As of February 3, 2026, Bitcoin ($BTC) is weathering one of its most challenging technical and narrative periods in years. After a "violent" weekend of deleveraging, the king of crypto is struggling to reclaim its status as a safe haven while institutional "smart money" and retail sentiment diverge sharply.
The "Digital Gold" Identity Crisis
The biggest story for Bitcoin right now is its decoupling from physical gold.
The Warsh Effect: The nomination of Kevin Warsh as the next Federal Reserve Chair has sparked a "hawkish" re-pricing of the dollar. While gold has surged to record highs above $5,600/oz, Bitcoin has behaved more like a high-beta tech stock, falling roughly 38% from its 2025 peak of $126,100.

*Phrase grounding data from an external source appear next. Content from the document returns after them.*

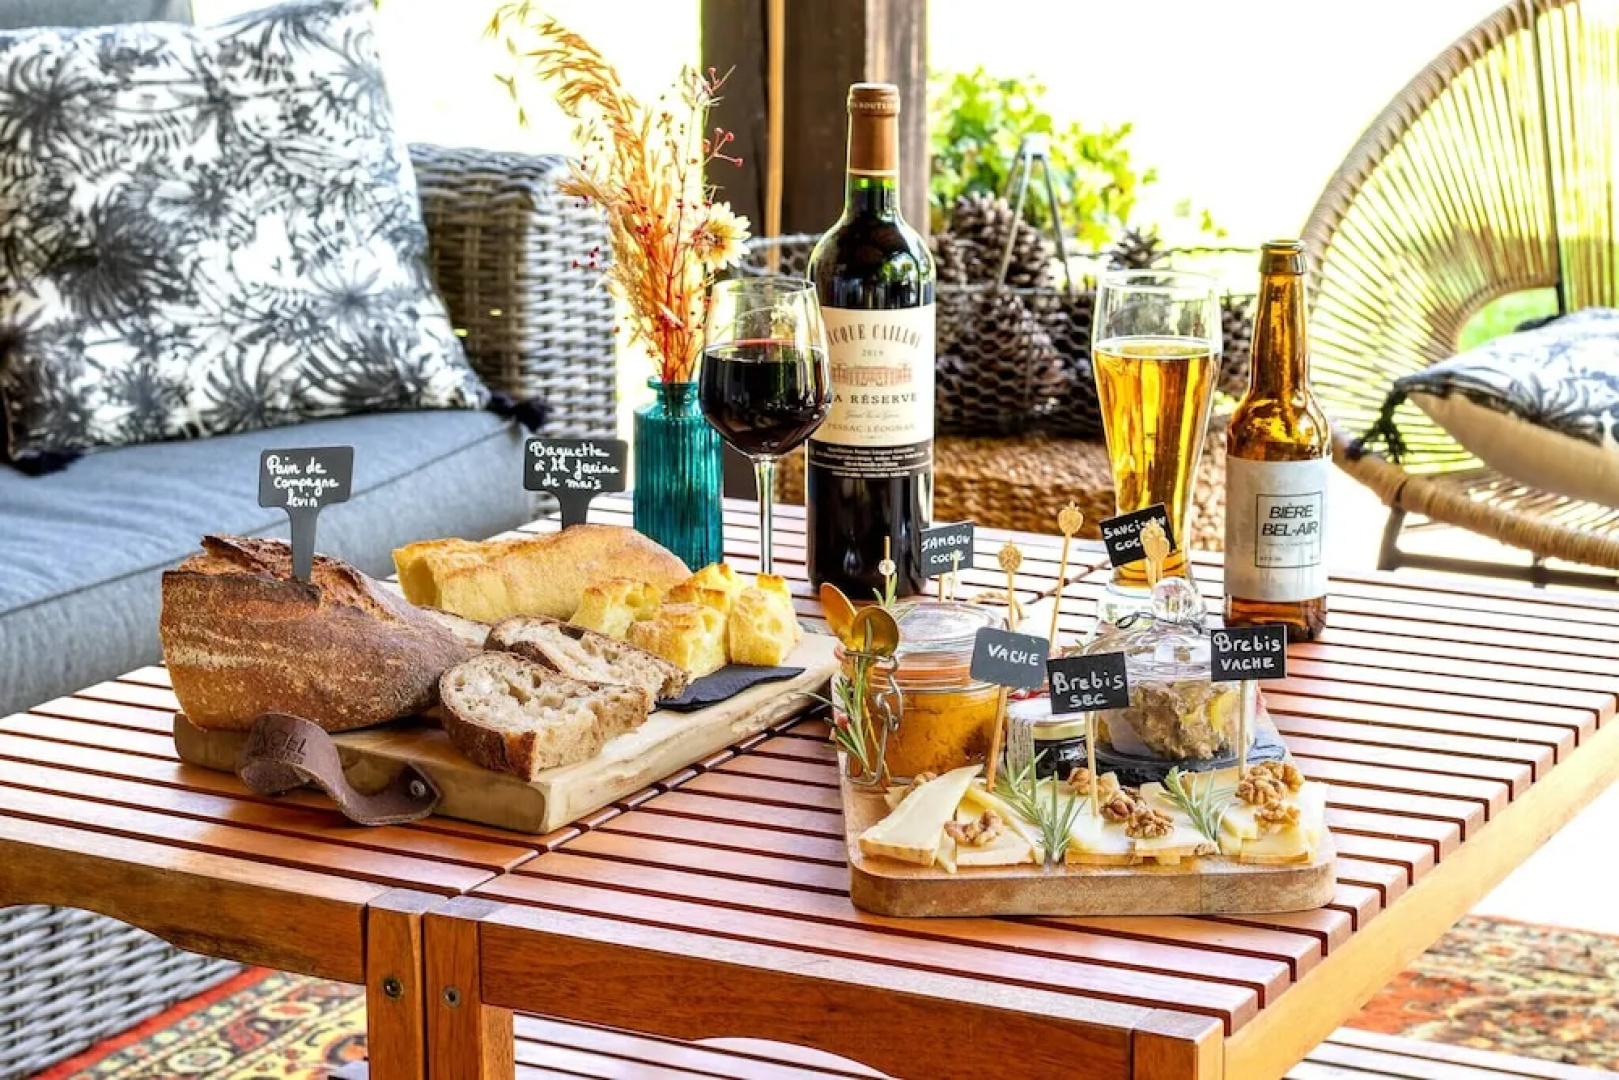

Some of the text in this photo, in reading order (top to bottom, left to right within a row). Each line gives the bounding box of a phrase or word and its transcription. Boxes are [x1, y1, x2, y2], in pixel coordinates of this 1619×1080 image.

[529, 441, 610, 458] Baguette
[266, 455, 327, 476] Pain de
[542, 473, 560, 487] de
[1269, 501, 1314, 518] BIÈRE
[1262, 521, 1318, 536] BEL-AIR
[1213, 632, 1281, 652] Brebis
[988, 643, 1039, 667] VACHE
[1220, 656, 1275, 671] VACHE
[1053, 671, 1124, 695] Brebis
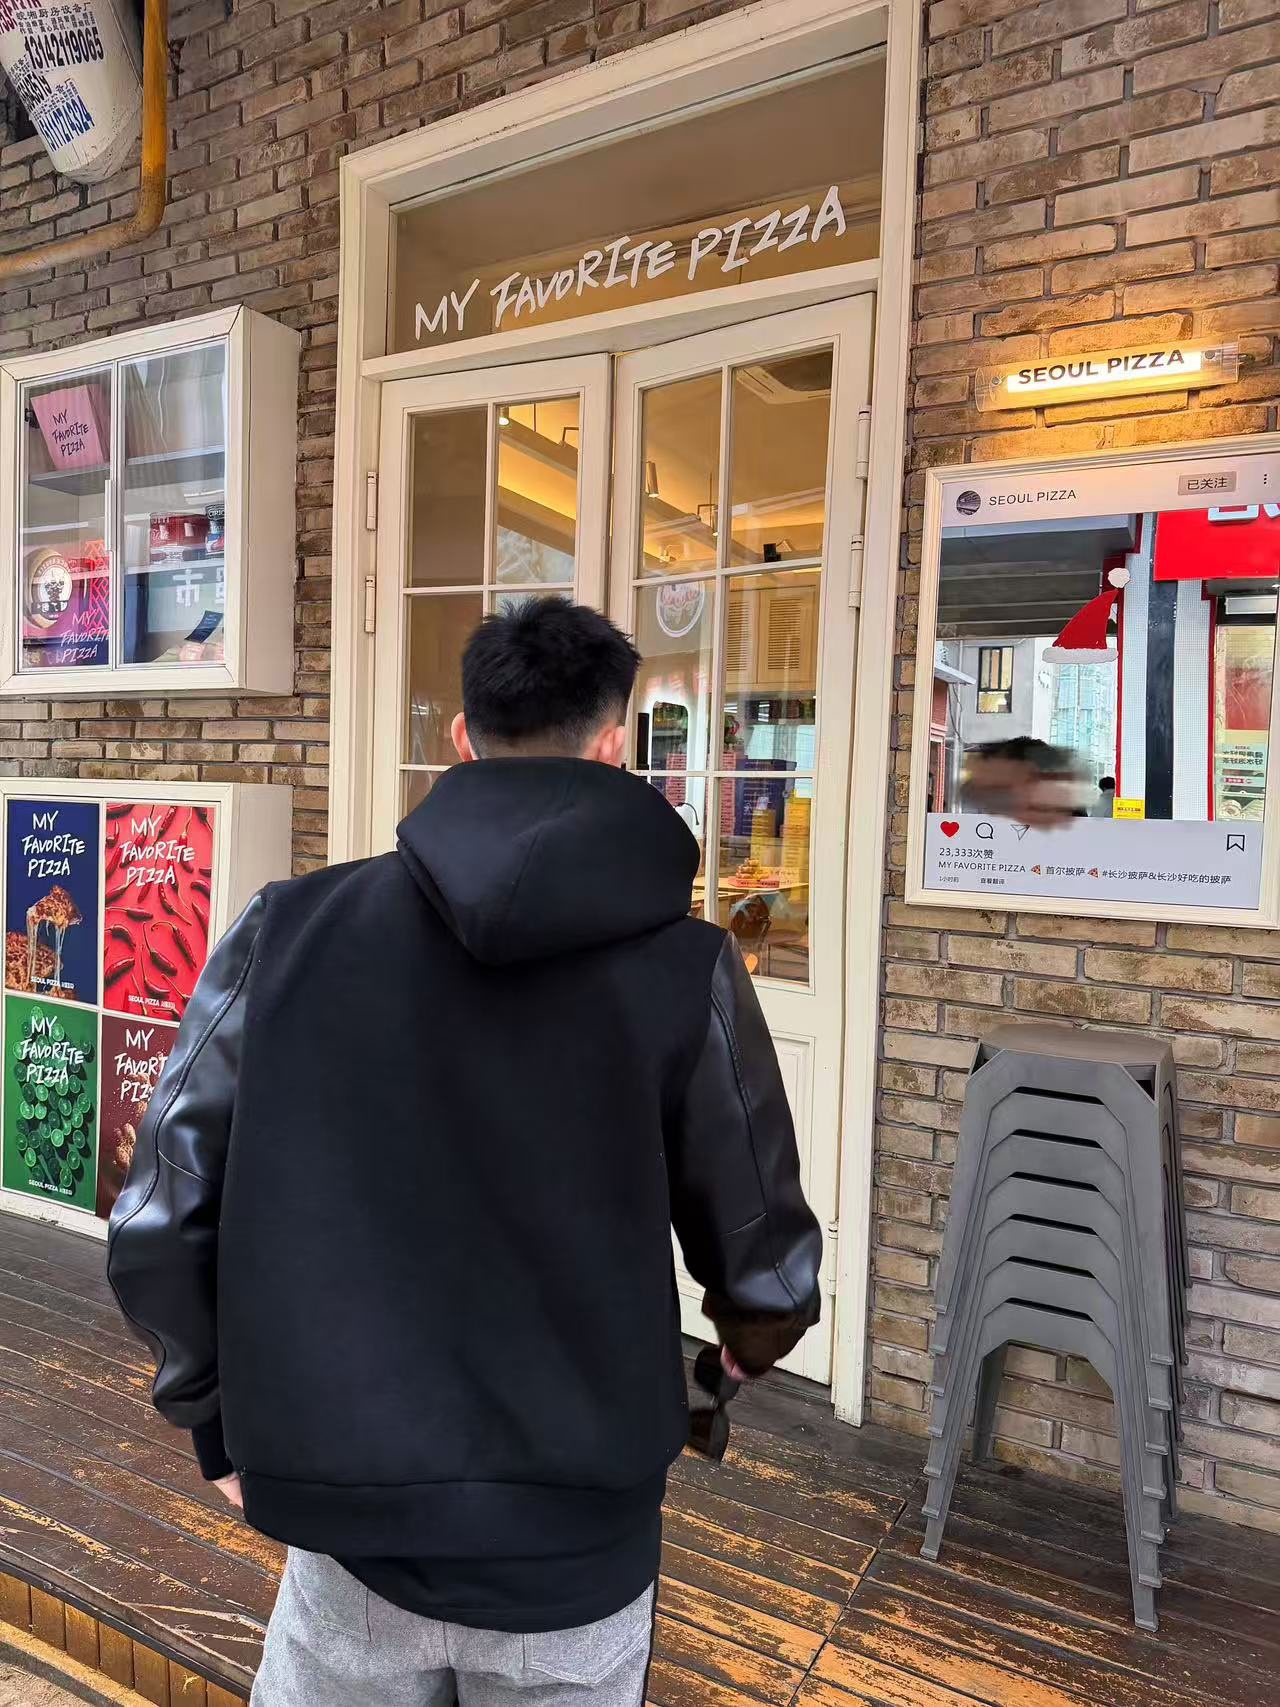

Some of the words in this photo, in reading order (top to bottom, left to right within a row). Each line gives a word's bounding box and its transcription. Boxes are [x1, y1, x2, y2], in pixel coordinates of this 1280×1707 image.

[24, 26, 104, 70] 13142119065
[414, 278, 481, 341] MY
[489, 235, 676, 328] FAVORITE
[688, 185, 848, 281] PIZZA
[1018, 360, 1099, 385] SEOUL
[1107, 348, 1185, 373] PIZZA
[52, 408, 69, 426] MY
[51, 420, 90, 443] FAVORITE
[60, 438, 86, 457] PIZZA
[1187, 476, 1228, 491] 已关注
[989, 492, 1034, 507] SEOUL
[1036, 489, 1077, 503] PIZZA
[72, 608, 97, 626] MY
[61, 644, 98, 664] PIZZA
[32, 810, 59, 831] MY
[130, 815, 163, 837] MY
[22, 833, 86, 856] FAVORITE
[119, 839, 196, 864] FAVORITE
[939, 847, 994, 860] 23,333次赞
[27, 857, 71, 878] PIZZA
[126, 865, 176, 887] PIZZA
[938, 861, 952, 869] MY
[953, 862, 996, 872] FAVORITE
[998, 864, 1027, 873] PIZZA
[1045, 866, 1086, 877] 首尔披萨
[1102, 869, 1232, 885] #长沙披萨&长沙好吃的披萨
[30, 976, 46, 986] SEOUL
[128, 995, 144, 1004] SEOUL
[145, 997, 160, 1006] PIZZA
[31, 1015, 58, 1038] MY
[125, 1028, 155, 1051] MY
[20, 1038, 85, 1065] FAVORITE
[26, 1063, 70, 1085] PIZZA
[121, 1080, 155, 1102] PIZ
[28, 1179, 45, 1189] SEOUL
[44, 1182, 59, 1192] PIZZA

Institutional Capitulation: Total liquidations topped $2.5 billion over the past weekend. Even major players are wavering; GameStop recently moved its entire 4,710 BTC treasury to Coinbase, signaling a potential pivot away from Bitcoin as a reserve asset in favor of traditional acquisitions.
The $100k "Whale" Buy: Despite the gloom, ARK Invest (Cathie Wood) notably purchased $65 million worth of BTC today as it dipped below the $100k milestone, reinforcing the long-term institutional belief in a $1.5 million price target by 2030.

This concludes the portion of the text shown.